* Problem to solve:
Filter the data below for the string "VINGROUP" and copy each matching line.

Data section Start Marker

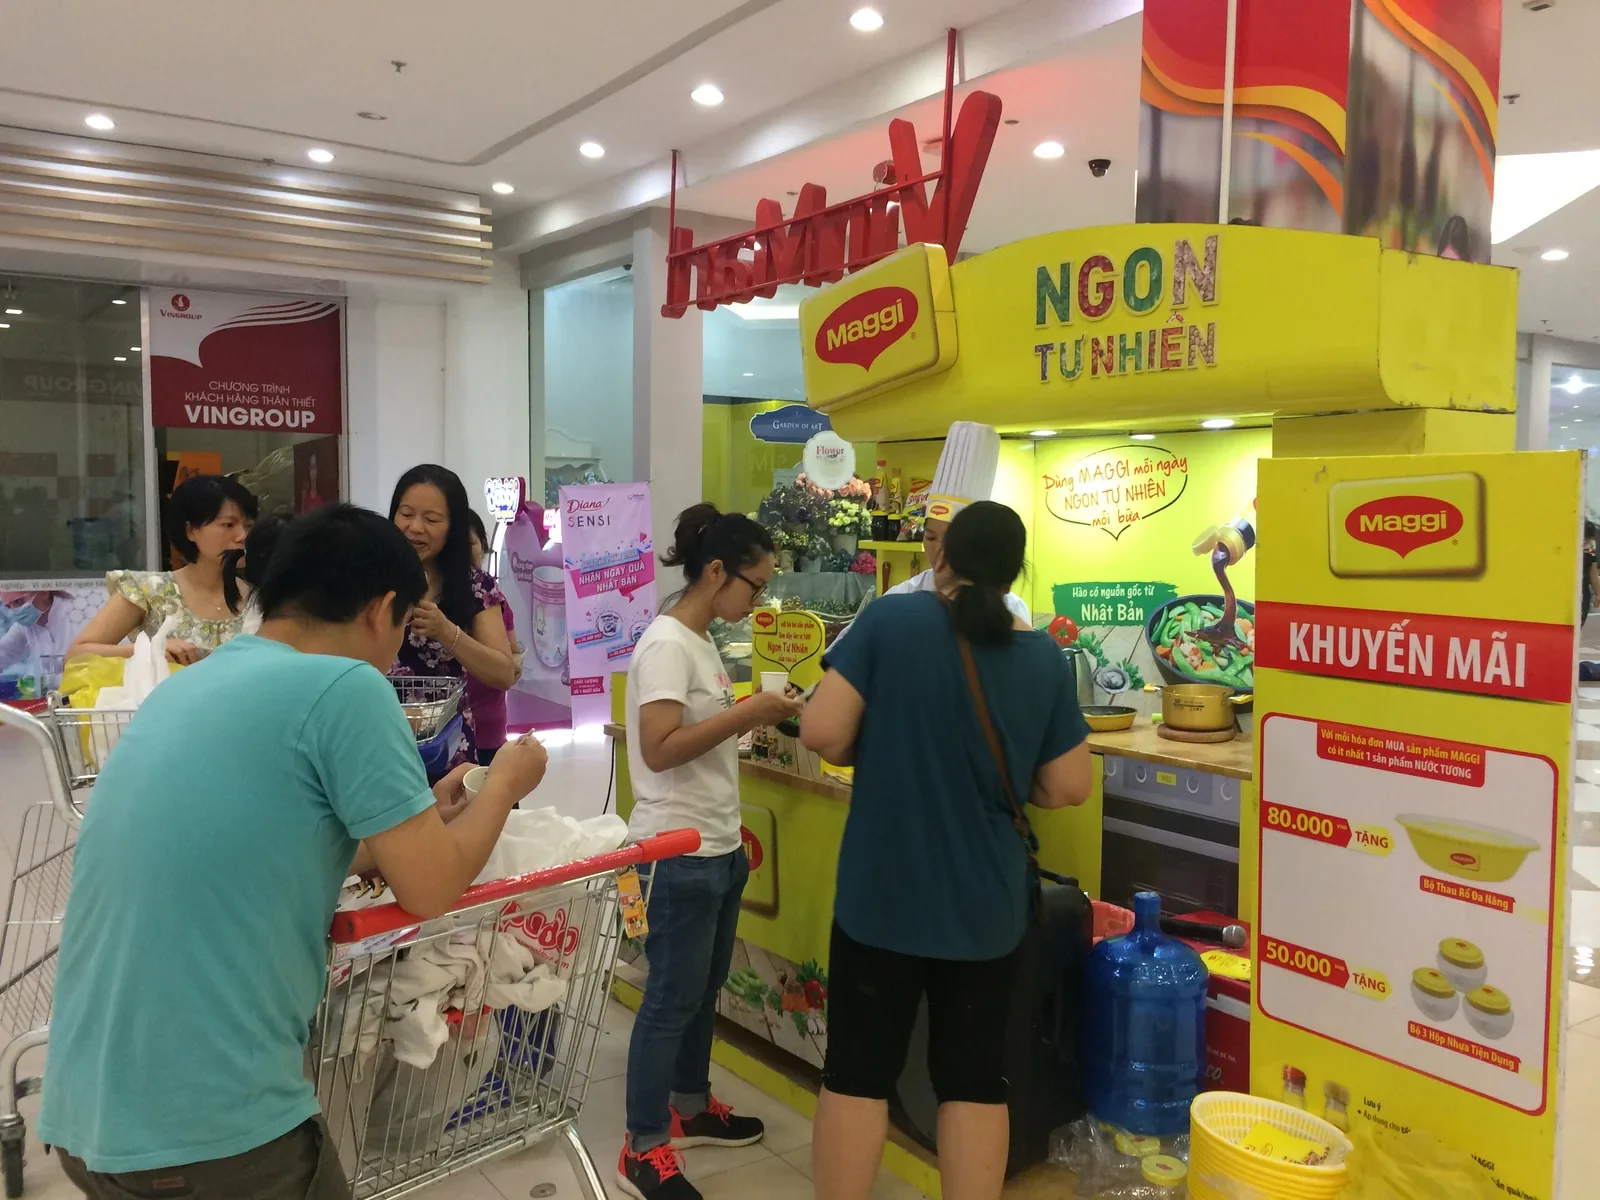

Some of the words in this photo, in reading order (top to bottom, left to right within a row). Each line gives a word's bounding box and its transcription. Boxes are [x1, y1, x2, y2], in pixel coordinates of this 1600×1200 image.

[1034, 233, 1221, 329] NGON
[160, 309, 202, 320] VINGROUP
[825, 298, 905, 351] Maggi
[1090, 312, 1218, 378] NHIÊN
[208, 380, 259, 393] CHƯƠNG
[262, 383, 290, 394] TRÌNH
[185, 391, 224, 403] KHÁCH
[226, 393, 259, 405] HÀNG
[262, 395, 290, 406] THÂN
[292, 396, 316, 408] THIẾT
[184, 404, 316, 428] VINGROUP
[816, 445, 845, 456] Flower
[1042, 474, 1074, 492] Dùng
[1078, 459, 1130, 484] MAGGI
[1134, 459, 1154, 475] mỗi
[1156, 454, 1189, 477] ngày
[566, 497, 611, 514] Diana
[1064, 491, 1100, 511] NGON
[1102, 485, 1121, 509] TỰ
[1125, 478, 1167, 502] NHIÊN
[568, 515, 611, 528] SENSI
[1092, 511, 1111, 528] mỗi
[1118, 508, 1141, 524] bữa
[1359, 509, 1448, 533] Maggi
[603, 567, 626, 580] NGAY
[1072, 586, 1088, 598] Hào
[1090, 587, 1099, 597] có
[1100, 584, 1126, 600] nguồn
[1127, 585, 1143, 599] gốc
[1145, 585, 1156, 596] từ
[1081, 604, 1113, 626] Nhật
[1117, 600, 1144, 621] Bản
[1288, 618, 1434, 677] KHUYẾN
[1446, 630, 1526, 688] MÃI
[1320, 728, 1334, 740] Với
[1335, 732, 1350, 742] mỗi
[1351, 733, 1367, 746] hóa
[1368, 736, 1384, 748] đơn
[1385, 739, 1405, 752] MUA
[1406, 743, 1422, 755] sản
[1423, 745, 1449, 759] phẩm
[1450, 750, 1481, 765] MAGGI
[1327, 745, 1337, 755] có
[1338, 746, 1344, 756] ít
[1345, 747, 1365, 760] nhất
[1366, 752, 1371, 761] 1
[1372, 753, 1387, 764] sản
[1388, 755, 1413, 769] phẩm
[1415, 759, 1439, 774] NƯỚC
[1440, 764, 1472, 779] TƯƠNG
[1267, 806, 1334, 838] 80.000
[1355, 830, 1389, 849] TẶNG
[1423, 878, 1435, 892] Bộ
[1436, 881, 1457, 896] Thau
[1471, 890, 1483, 902] Đa
[1265, 940, 1332, 977] 50.000
[1352, 972, 1386, 993] TẶNG
[1410, 1023, 1421, 1038] Bộ
[1422, 1027, 1427, 1037] 3
[1429, 1030, 1446, 1045] Hộp
[1447, 1036, 1469, 1053] Nhựa
[1471, 1044, 1490, 1060] Tiện
[1363, 1096, 1376, 1109] Lưu
[1389, 1121, 1400, 1132] cho
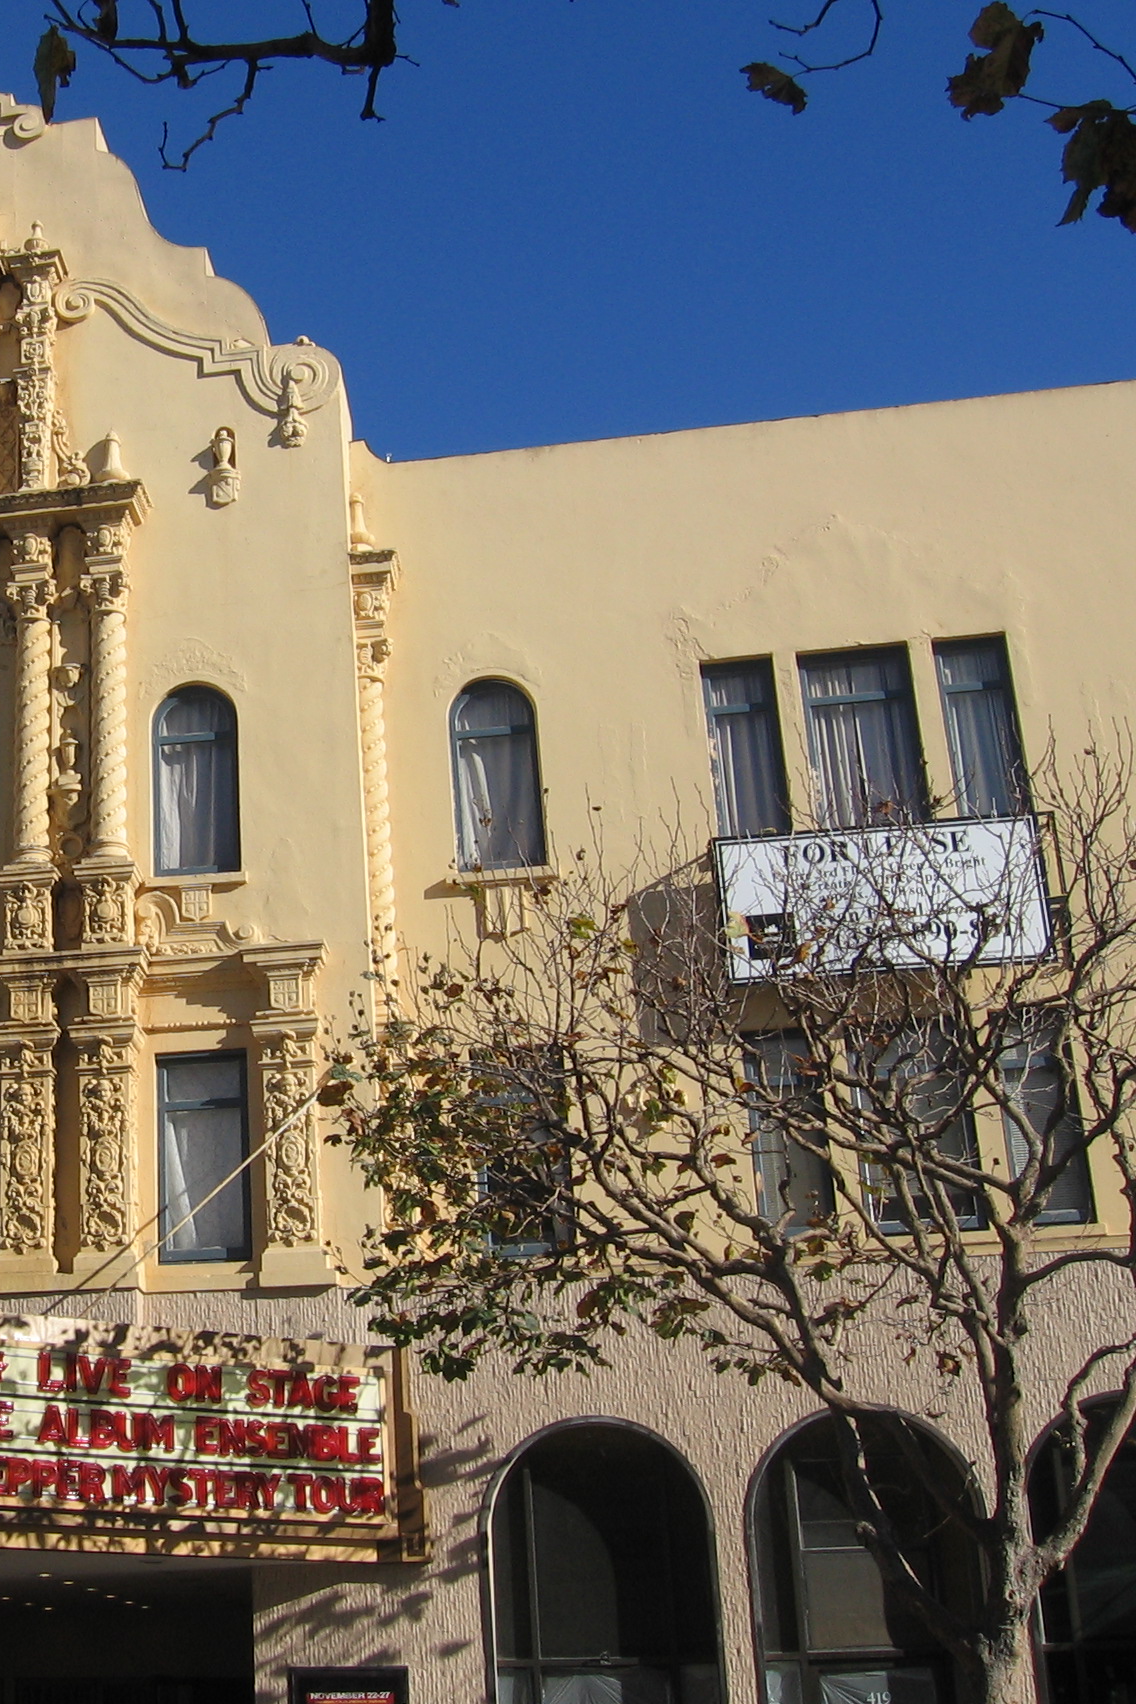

Data section End Marker

* Solution to this problem:
[160, 309, 202, 320] VINGROUP
[184, 404, 316, 428] VINGROUP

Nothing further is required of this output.